Protocol developed by UNC researchers reduces alcohol-related hospital admissions

Alcohol consumption is the third leading cause of preventable death in the U.S., and health care costs related to alcohol consumption reached $24 billion in 2006. About $5.1 billion of those costs were due to alcohol-related hospitalizations.

In many cases, clinicians in hospital emergency departments are the gatekeepers who must make the difficult first decisions about how to care for patients in need of alcohol detoxification, including whether or not a patient should be admitted to the hospital or treated on an outpatient basis instead. Until recently there has been little clear clinical trial data available to help guide these decisions.

Now a new study by University of North Carolina School of Medicine researchers finds that an alcohol detoxification protocol they developed led to a statistically significant decrease in the number of admissions per month.

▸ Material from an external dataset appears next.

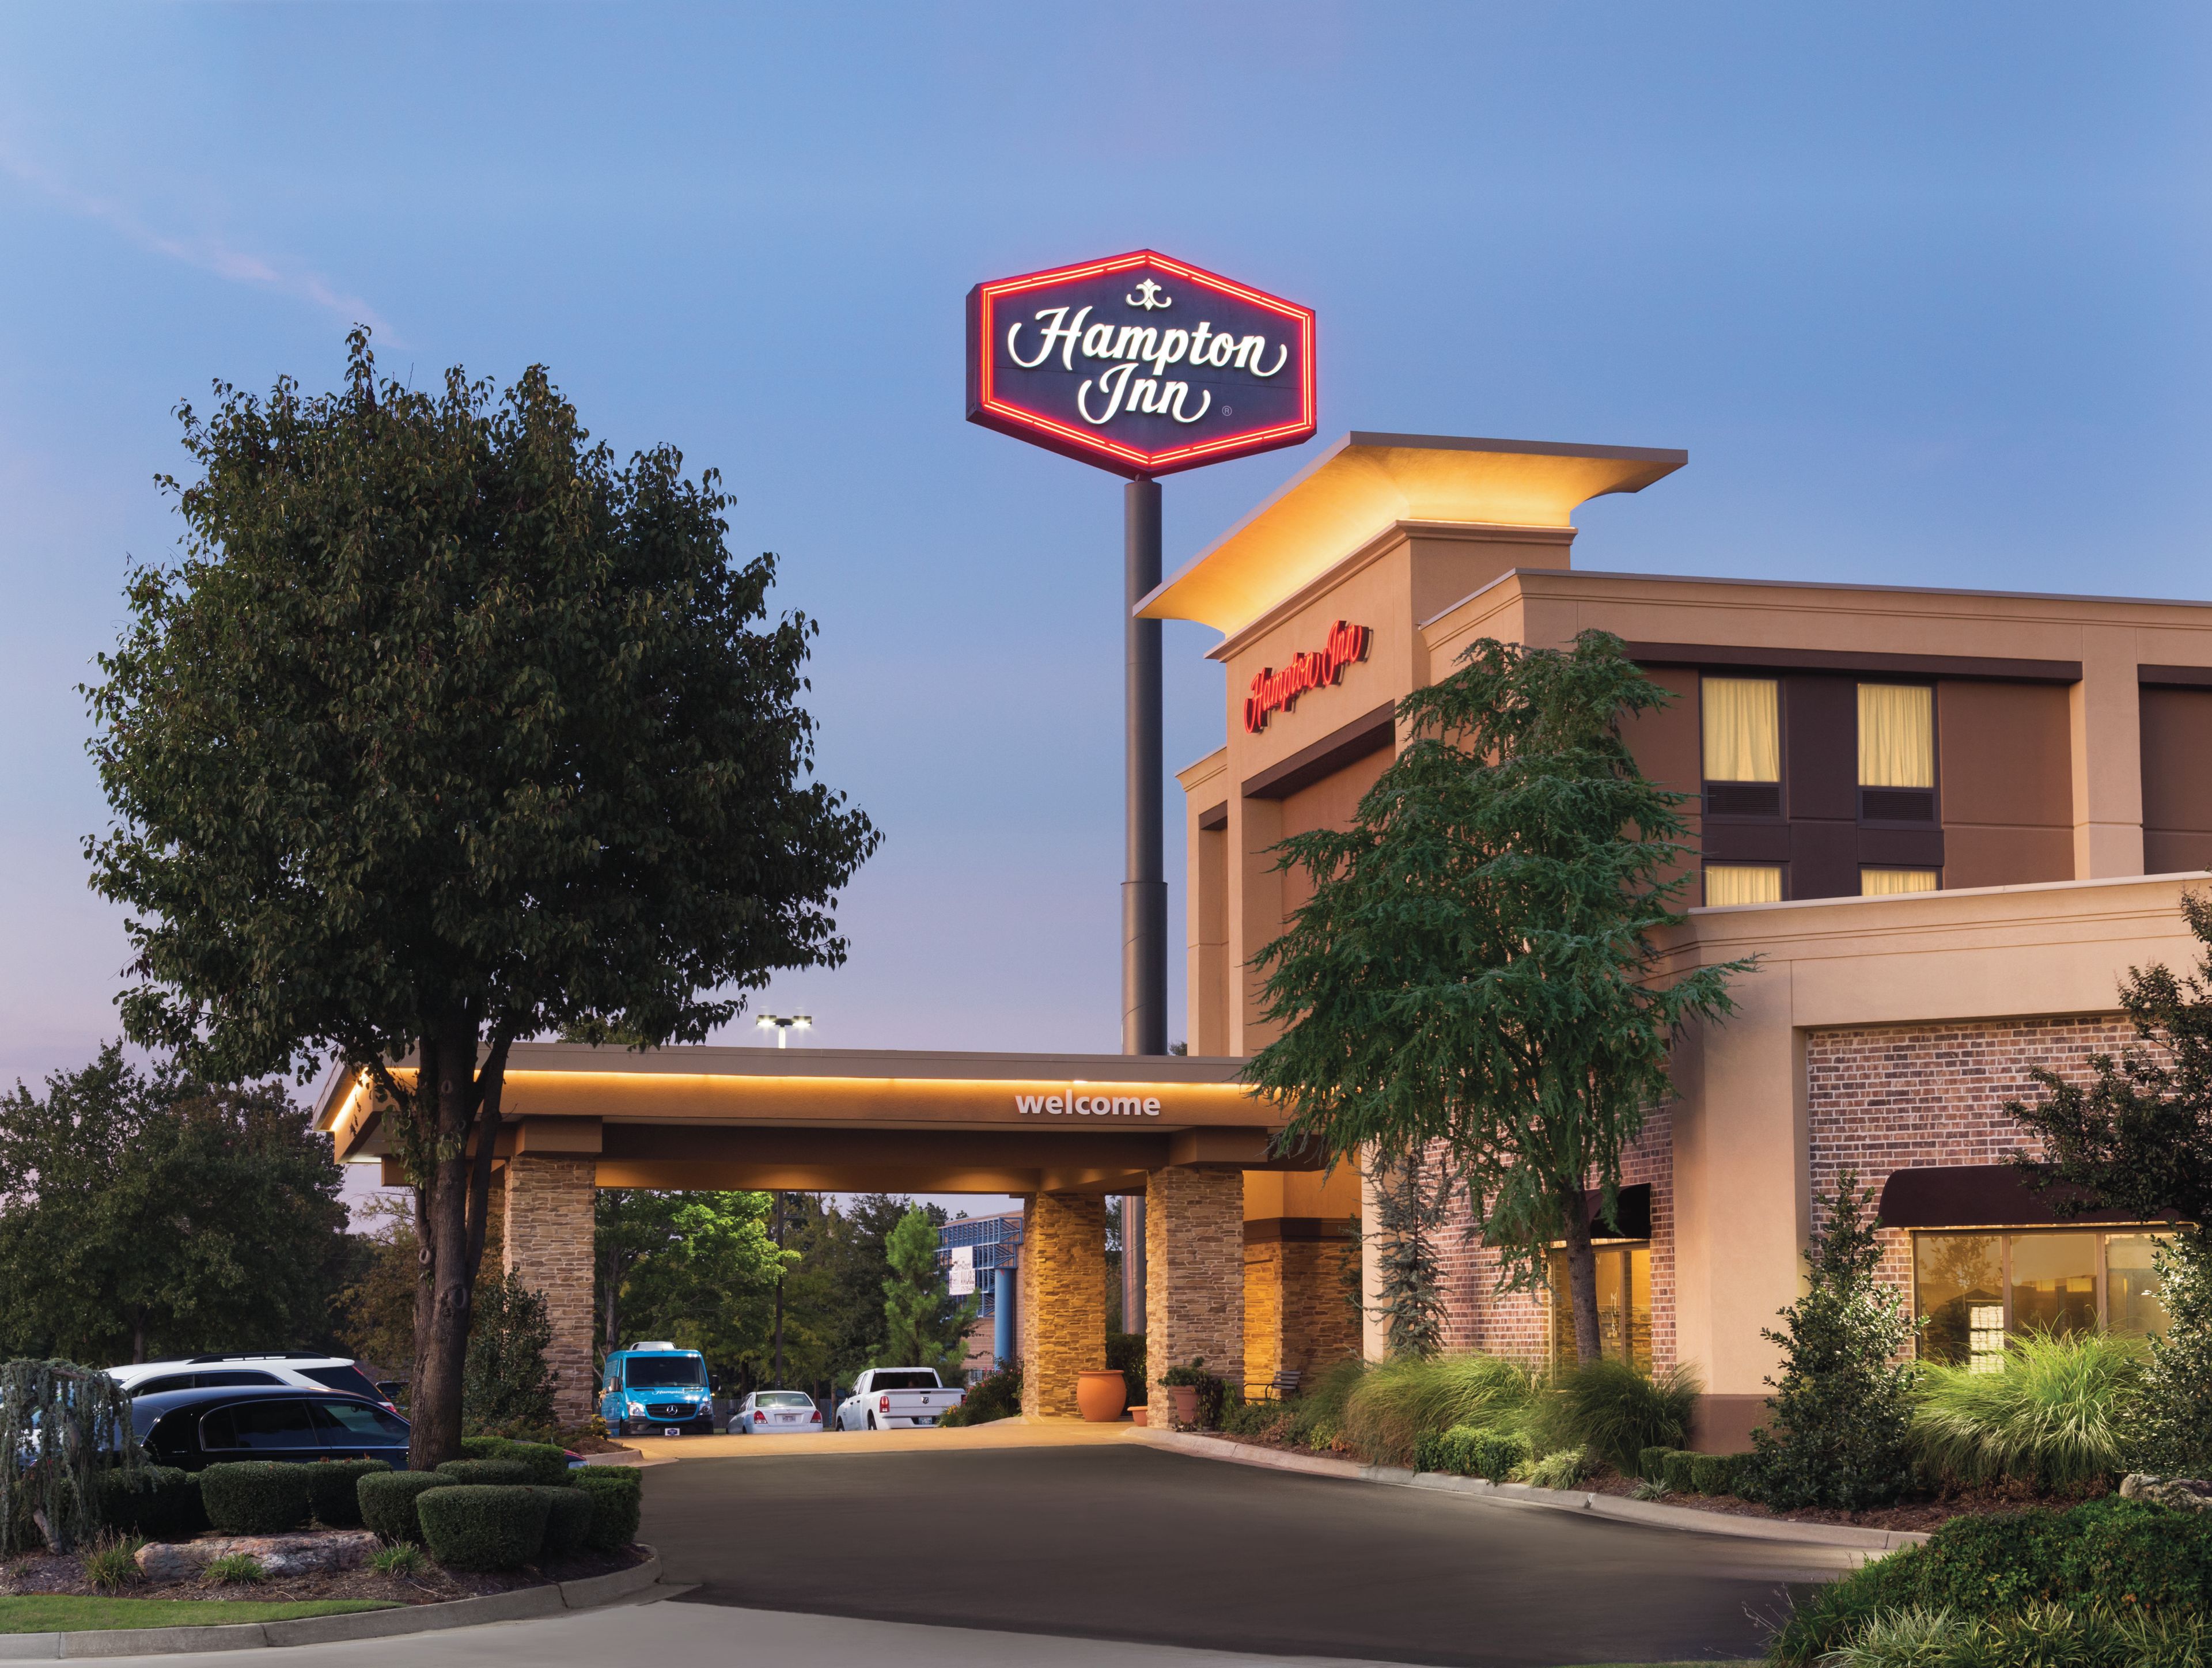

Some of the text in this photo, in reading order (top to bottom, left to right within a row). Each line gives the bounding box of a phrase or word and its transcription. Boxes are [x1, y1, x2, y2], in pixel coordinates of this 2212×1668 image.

“Our main goal for the project was to standardize our hospitalist group’s care for a clinical problem we had found very challenging.”

“Our main goal for the project was to standardize our hospitalist group’s care for a clinical problem we had found very challenging. But as we implemented the change, we also studied the impact on number of admissions for these patients and found a meaningful decrease,” said John R. Stephens, MD, associate professor in the School of Medicine and lead author of the study, which was published online ahead of print by the Journal of General Internal Medicine.

The protocol is set forth in a 1-page flow chart that clinicians use to guide their decision-making process. After the protocol was implemented at UNC Hospitals, the average number of alcohol-related admissions per month dropped from 18.9 to 15.9. Each hospital admission for a primary alcohol-related diagnosis generates costs estimated at $8,742 per case, so a reduction of 3 admissions per month would generate cost savings of $315,000 per year, according to the study.

Co-authors of the study are E. Allen Liles, MD; Ria Dancel, MD; Michael Gilchrist, MD, MPH; Jonathan Kirsch, MD; and Darren A. DeWalt, MD, MPH. All are faculty in the Division of General Medicine and Clinical Epidemiology within the Department of Medicine.